We conducted and reported this systematic review in accordance with the Preferred Reporting Items for Systematic Reviews and Meta-Analyses (PRISMA) statement.21
PubMed, Medline, Embase, and Cinahl databases were searched from the earliest available date to February 2015, limited to studies in humans and the English language. The Medical Subject Heading (MeSH) database was used to retrieve all articles related to exercise training and FMD in overweight or obese children and adolescents. MeSH terms used were “obesity” OR “overweight” OR “child” OR “adolescent” OR “atherosclerosis” and their related terms. Text words used in conjunction with the MeSH terms were (“exercise training” OR “physical training” OR “exercise” OR “exercise intervention”) AND (“arterial function” OR “vascular function” OR “vascular dysfunction” OR “flow-mediated dilation” OR “endothelium-dependent dilation”). Reference lists of retrieved articles were also searched for other relevant studies.
Study Inclusion Criteria
Studies were considered eligible for inclusion if they met criteria regarding population, intervention, comparator, outcomes, and study design. Participants were required to be obese or overweight children or adolescents (according to age- and gender-specific criteria) who completed an exercise intervention using aerobic exercise training of ≥6 weeks in the form of a randomized controlled trial (individual or cluster). Studies that included exercises additional to aerobic exercise training, such as resistance training or agility training, were also considered. A nonexercise comparator or control group was required for study inclusion. The measurement of FMD was necessary.
We excluded editorials, opinions, studies not published in a peer-reviewed journal, and studies available only as meeting abstracts.
Study Selection Process
All abstracts retrieved were screened, and clearly irrelevant studies were excluded. Full texts of all potentially eligible studies were examined. Supplemental Table 3 includes studies that were excluded after full-text examination. Figure 1 outlines the study selection process from initial search to inclusion.

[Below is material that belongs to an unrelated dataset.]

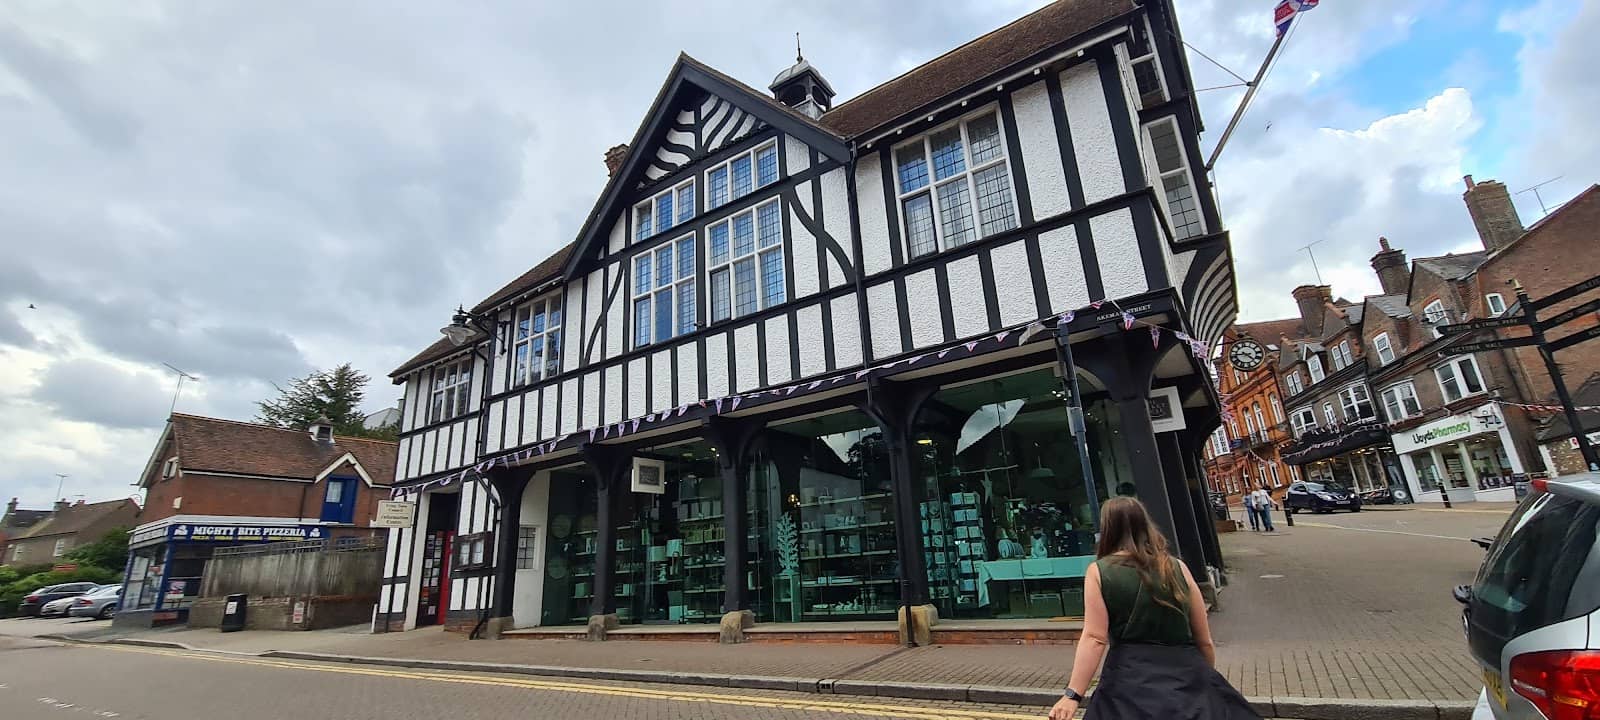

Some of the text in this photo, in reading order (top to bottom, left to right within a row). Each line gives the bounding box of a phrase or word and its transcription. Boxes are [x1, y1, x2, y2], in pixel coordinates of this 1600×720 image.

[1126, 304, 1151, 313] STREET
[1412, 421, 1471, 444] LloydsPharmacy
[193, 526, 306, 537] MIGHTY BITE PIZZERIA

Data were extracted by using a standardized data extraction form. Patient characteristics (age, gender, and overweight/obesity classification), intervention (exercise mode, frequency, duration, intensity, and supervision), control/comparator groups, methodological quality, and key outcomes were noted. Corresponding authors were contacted for information not available in the journal article.
Risk of Bias Assessment
Methodological quality of all studies was assessed by 2 independent reviewers using a modified Physiotherapy Evidence Base Database (PEDro) 10-point scale. One point was awarded for each criterion met (Fig 2). The average score was recorded when a discrepancy was noted.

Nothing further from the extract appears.